Your task is to repeat the entries below exactly and to leave their images out.
*** Recorded information ***
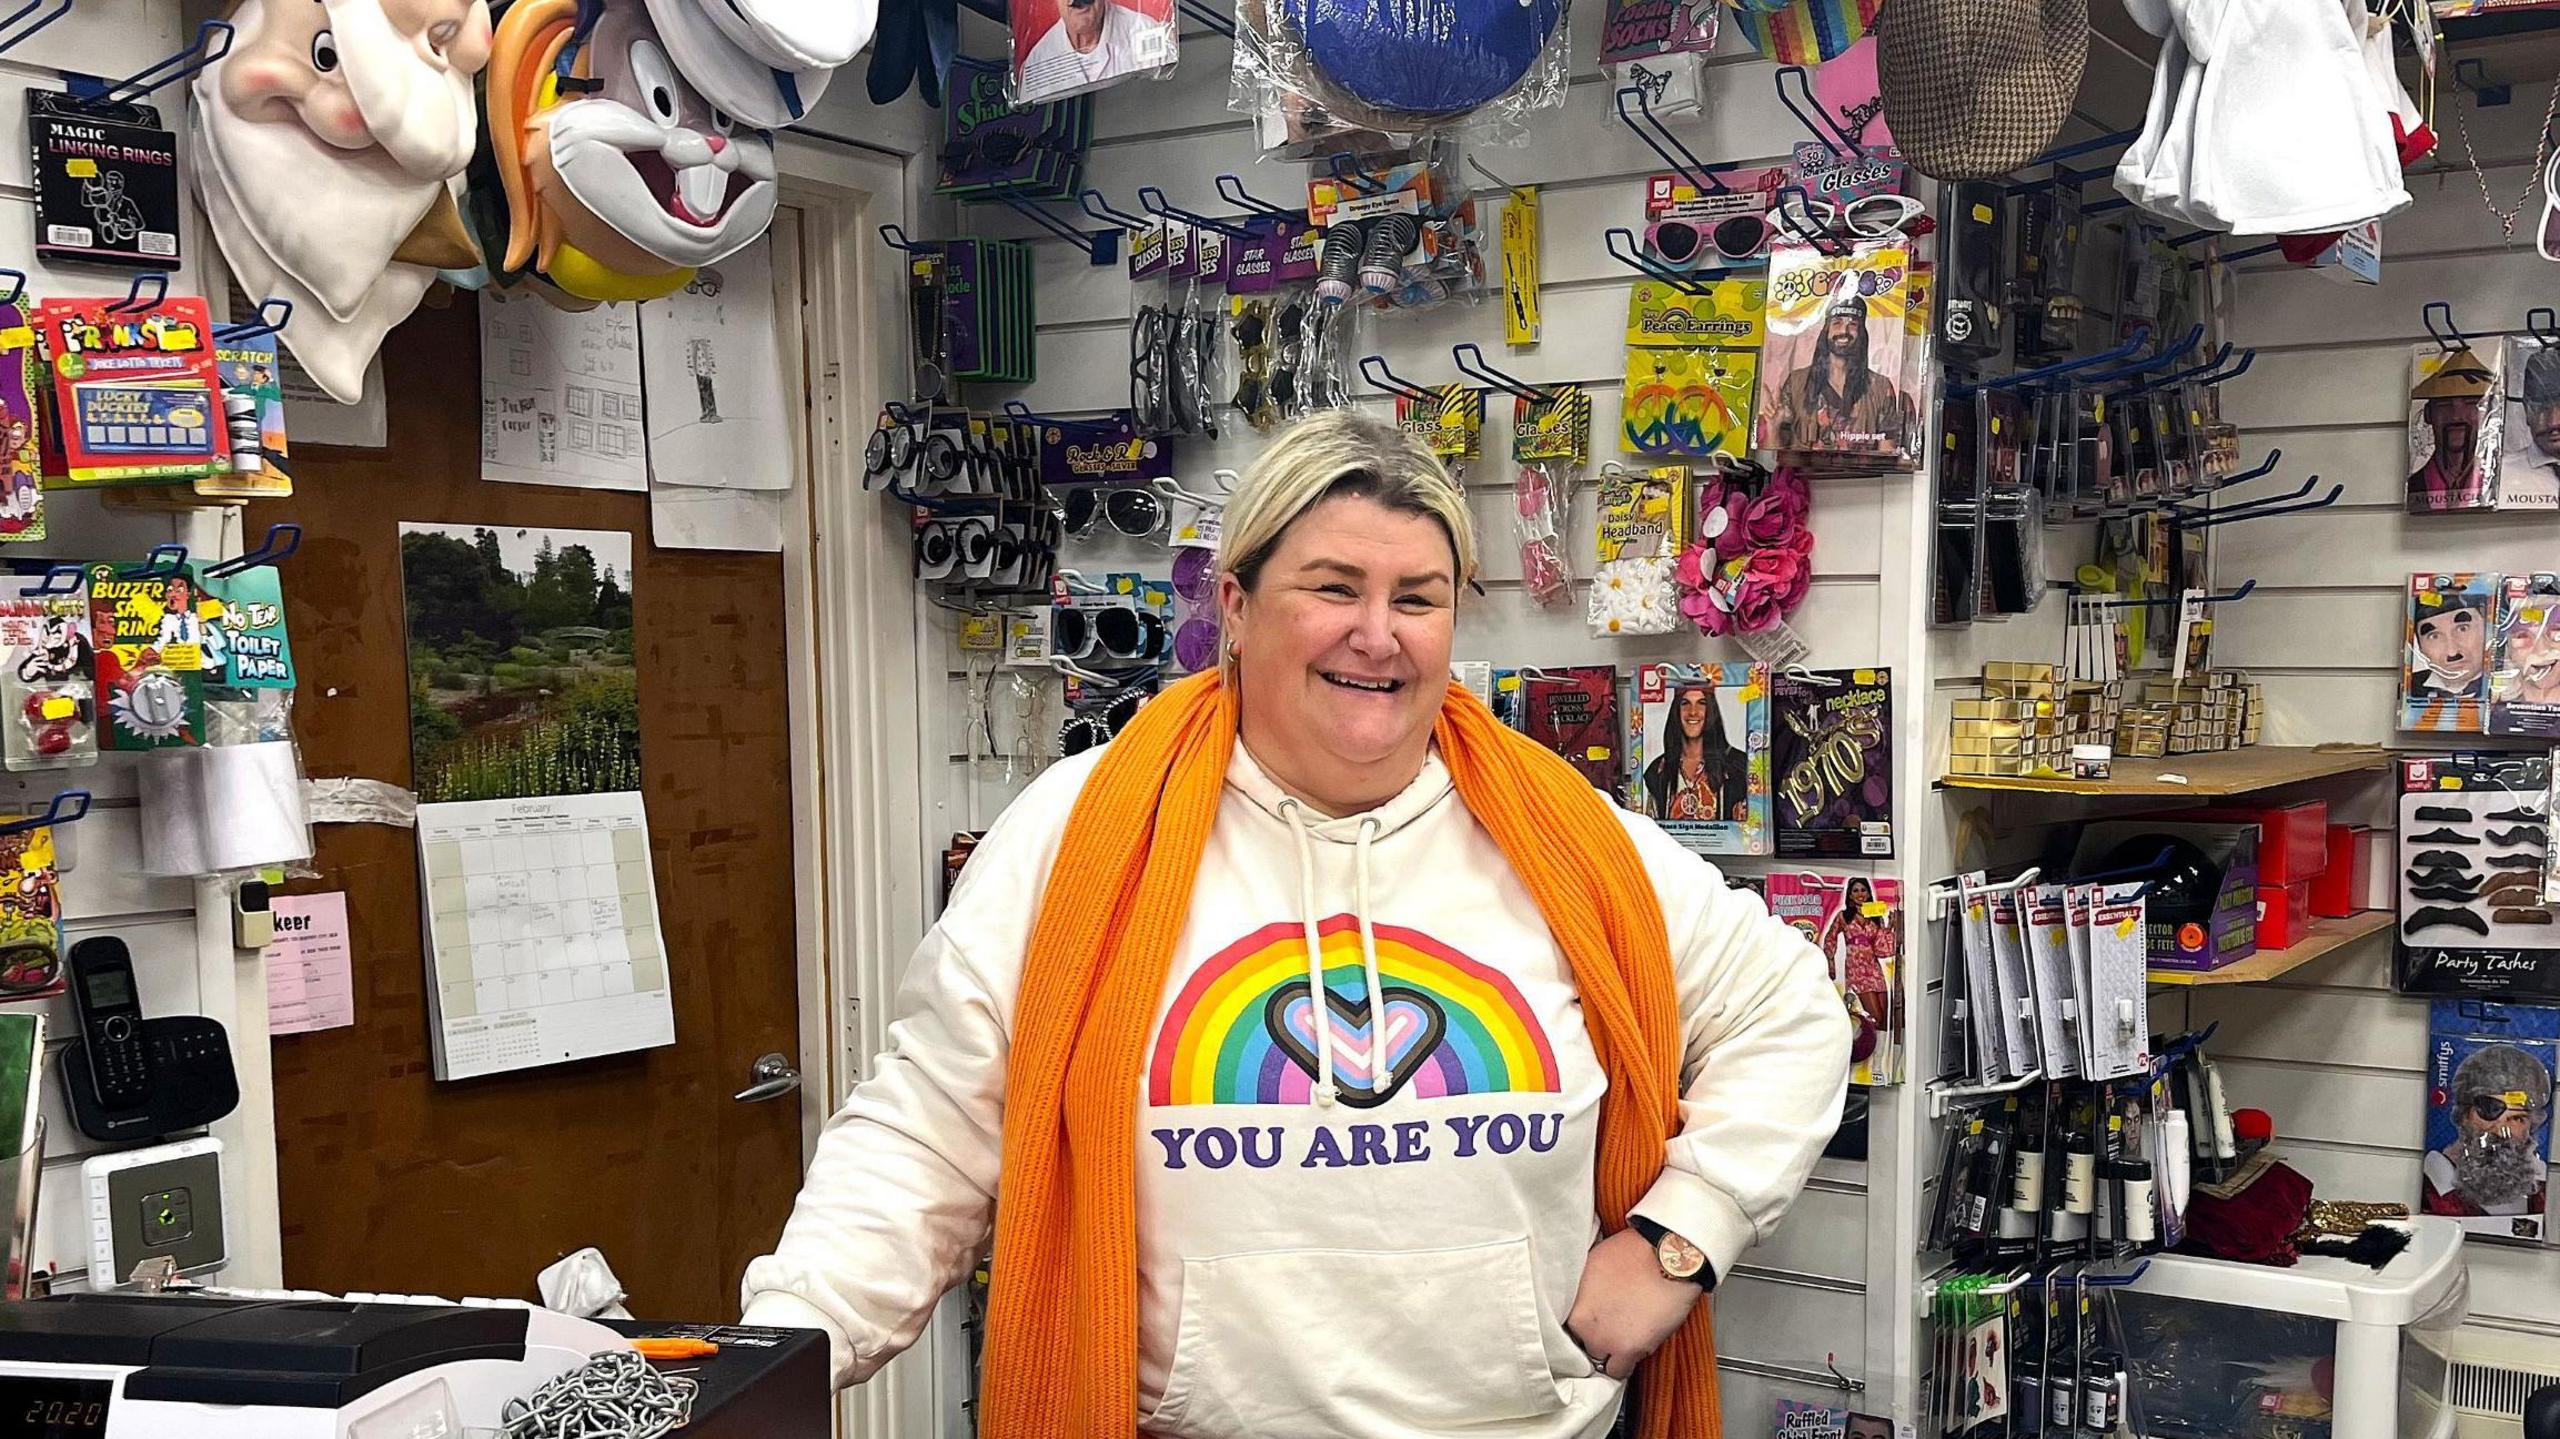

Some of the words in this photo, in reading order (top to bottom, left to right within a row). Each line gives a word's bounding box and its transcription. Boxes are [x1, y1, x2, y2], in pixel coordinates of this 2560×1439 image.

[50, 123, 107, 141] MAGIC
[49, 138, 120, 160] LINKING
[122, 147, 173, 167] RINGS
[1821, 163, 1891, 192] Glasses
[1243, 248, 1265, 262] STAR
[1235, 261, 1271, 277] GLASSES
[1642, 319, 1684, 333] Peace
[1685, 320, 1753, 335] Earrings
[215, 349, 273, 364] SCRATCH
[96, 391, 141, 402] LUCKY
[1840, 431, 1870, 442] Hippie
[1872, 431, 1887, 441] set
[1067, 443, 1100, 465] Rock
[1101, 444, 1114, 463] &
[1608, 512, 1635, 524] Daisy
[1602, 522, 1663, 539] Headband
[92, 582, 165, 599] BUZZER
[117, 620, 160, 637] RING
[226, 630, 280, 656] TOILET
[238, 655, 288, 679] PAPER
[1549, 693, 1590, 704] JEWELLED
[1825, 688, 1886, 712] necklace
[1559, 704, 1583, 713] CROSS
[511, 804, 551, 815] February
[273, 911, 311, 932] keer
[2098, 909, 2138, 922] ESSENTIALS
[2145, 923, 2174, 936] ECTOR
[2435, 951, 2479, 975] Party
[2484, 952, 2537, 972] Tashes
[2438, 1041, 2454, 1087] smiffys
[1151, 1126, 1285, 1170] YOU
[1300, 1120, 1431, 1169] ARE
[1445, 1113, 1565, 1158] YOU
[1785, 1411, 1830, 1429] Ruffled
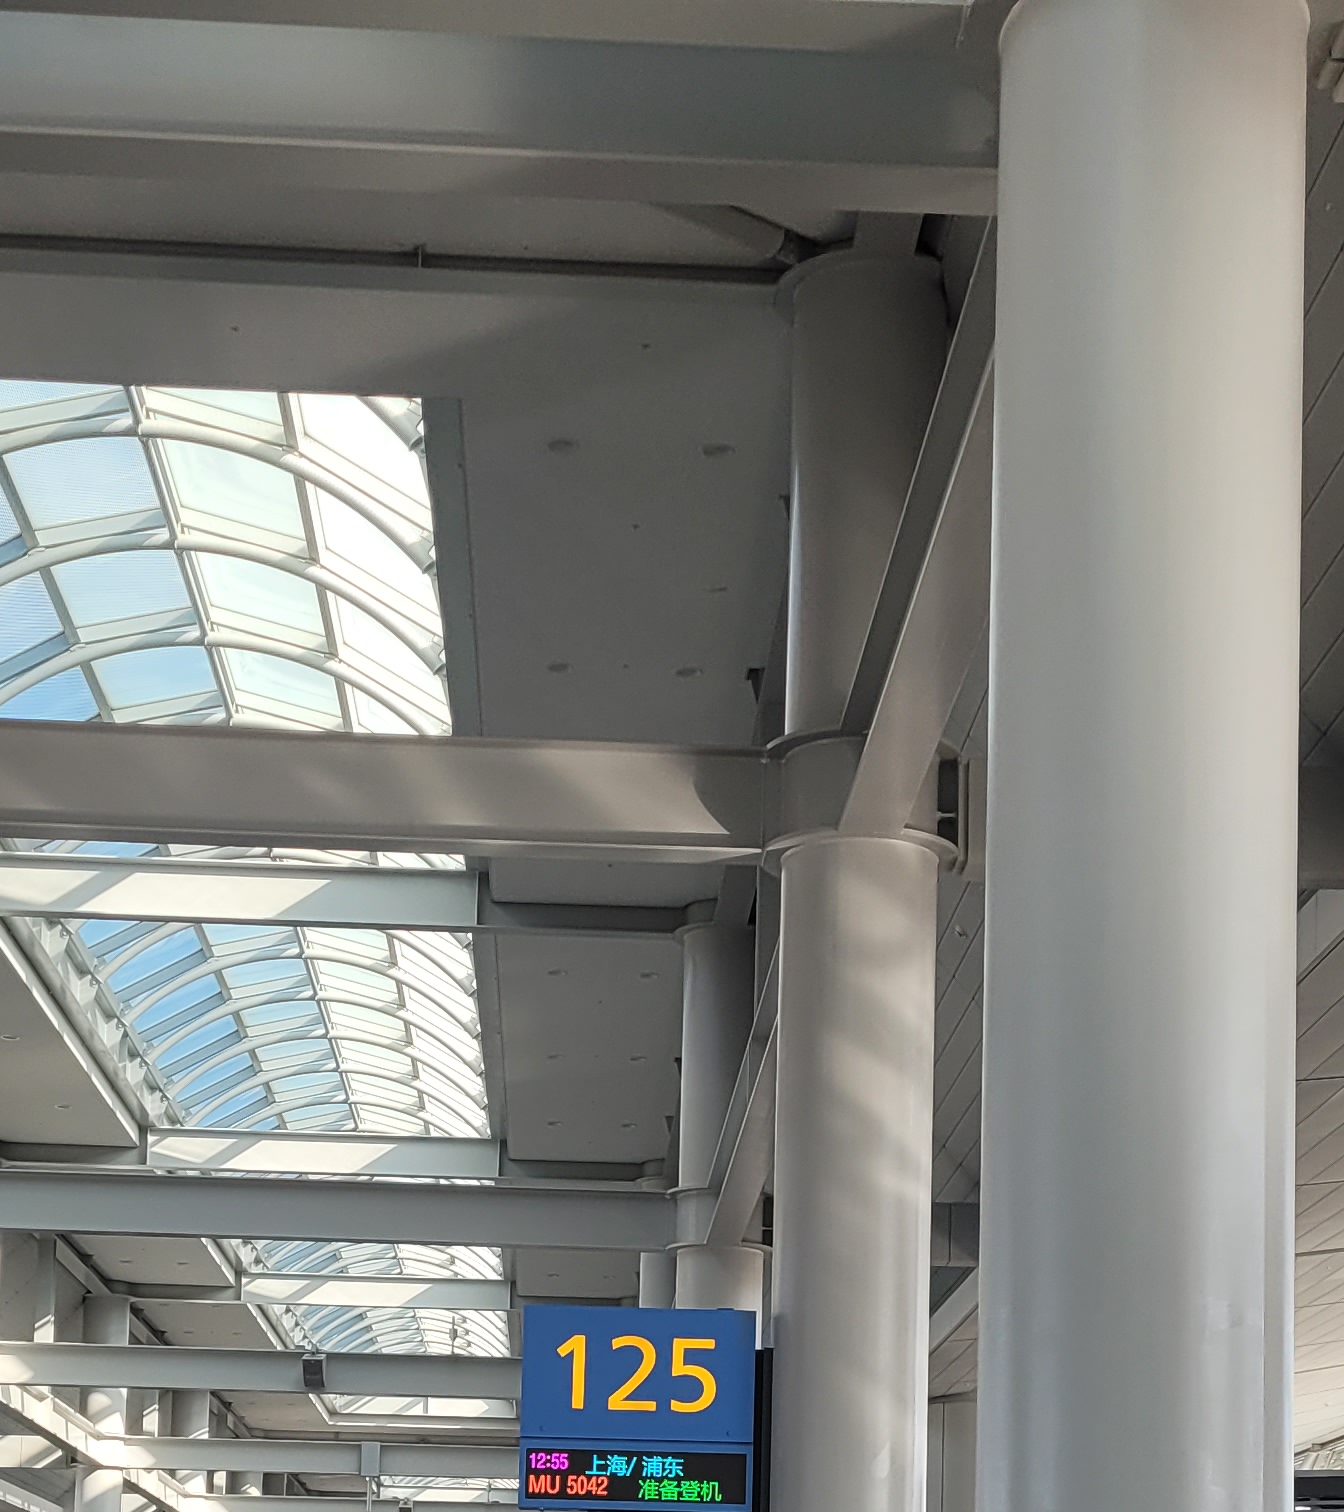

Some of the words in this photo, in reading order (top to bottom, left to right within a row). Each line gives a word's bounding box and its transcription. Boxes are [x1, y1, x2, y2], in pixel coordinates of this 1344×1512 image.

[556, 1334, 718, 1413] 125
[528, 1452, 569, 1470] 12:55
[641, 1455, 684, 1478] 浦东
[528, 1474, 560, 1495] MU
[566, 1475, 608, 1496] 5042
[638, 1479, 722, 1502] 准备登机
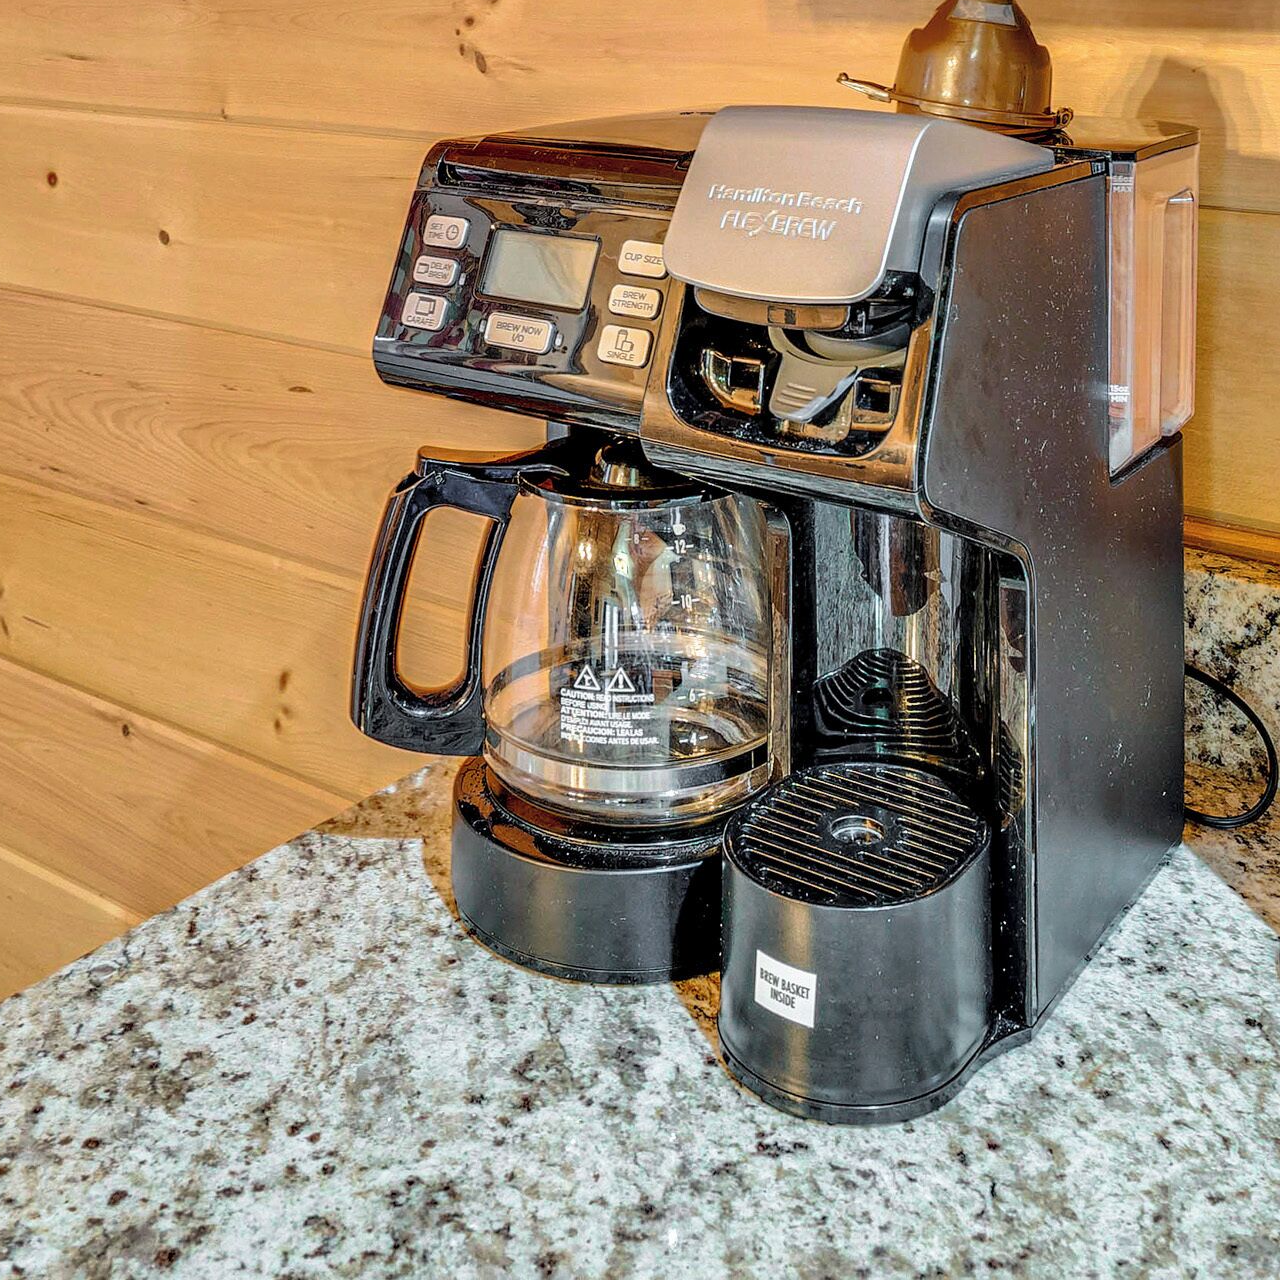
*** End of Recorded information ***
▸ **Solution to the exercise**
Some of the words in this photo, in reading order (top to bottom, left to right within a row). Each line gives a word's bounding box and its transcription. Boxes are [x1, y1, x2, y2], in pixel coordinates of this 2560×1439 image.

[50, 123, 107, 141] MAGIC
[49, 138, 120, 160] LINKING
[122, 147, 173, 167] RINGS
[1821, 163, 1891, 192] Glasses
[1243, 248, 1265, 262] STAR
[1235, 261, 1271, 277] GLASSES
[1642, 319, 1684, 333] Peace
[1685, 320, 1753, 335] Earrings
[215, 349, 273, 364] SCRATCH
[96, 391, 141, 402] LUCKY
[1840, 431, 1870, 442] Hippie
[1872, 431, 1887, 441] set
[1067, 443, 1100, 465] Rock
[1101, 444, 1114, 463] &
[1608, 512, 1635, 524] Daisy
[1602, 522, 1663, 539] Headband
[92, 582, 165, 599] BUZZER
[117, 620, 160, 637] RING
[226, 630, 280, 656] TOILET
[238, 655, 288, 679] PAPER
[1549, 693, 1590, 704] JEWELLED
[1825, 688, 1886, 712] necklace
[1559, 704, 1583, 713] CROSS
[511, 804, 551, 815] February
[273, 911, 311, 932] keer
[2098, 909, 2138, 922] ESSENTIALS
[2145, 923, 2174, 936] ECTOR
[2435, 951, 2479, 975] Party
[2484, 952, 2537, 972] Tashes
[2438, 1041, 2454, 1087] smiffys
[1151, 1126, 1285, 1170] YOU
[1300, 1120, 1431, 1169] ARE
[1445, 1113, 1565, 1158] YOU
[1785, 1411, 1830, 1429] Ruffled

Some of the words in this photo, in reading order (top to bottom, left to right within a row). Each line gives a word's bounding box and its transcription. Boxes are [x1, y1, x2, y2], in pixel coordinates of this 1344×1512 image.

[556, 1334, 718, 1413] 125
[528, 1452, 569, 1470] 12:55
[641, 1455, 684, 1478] 浦东
[528, 1474, 560, 1495] MU
[566, 1475, 608, 1496] 5042
[638, 1479, 722, 1502] 准备登机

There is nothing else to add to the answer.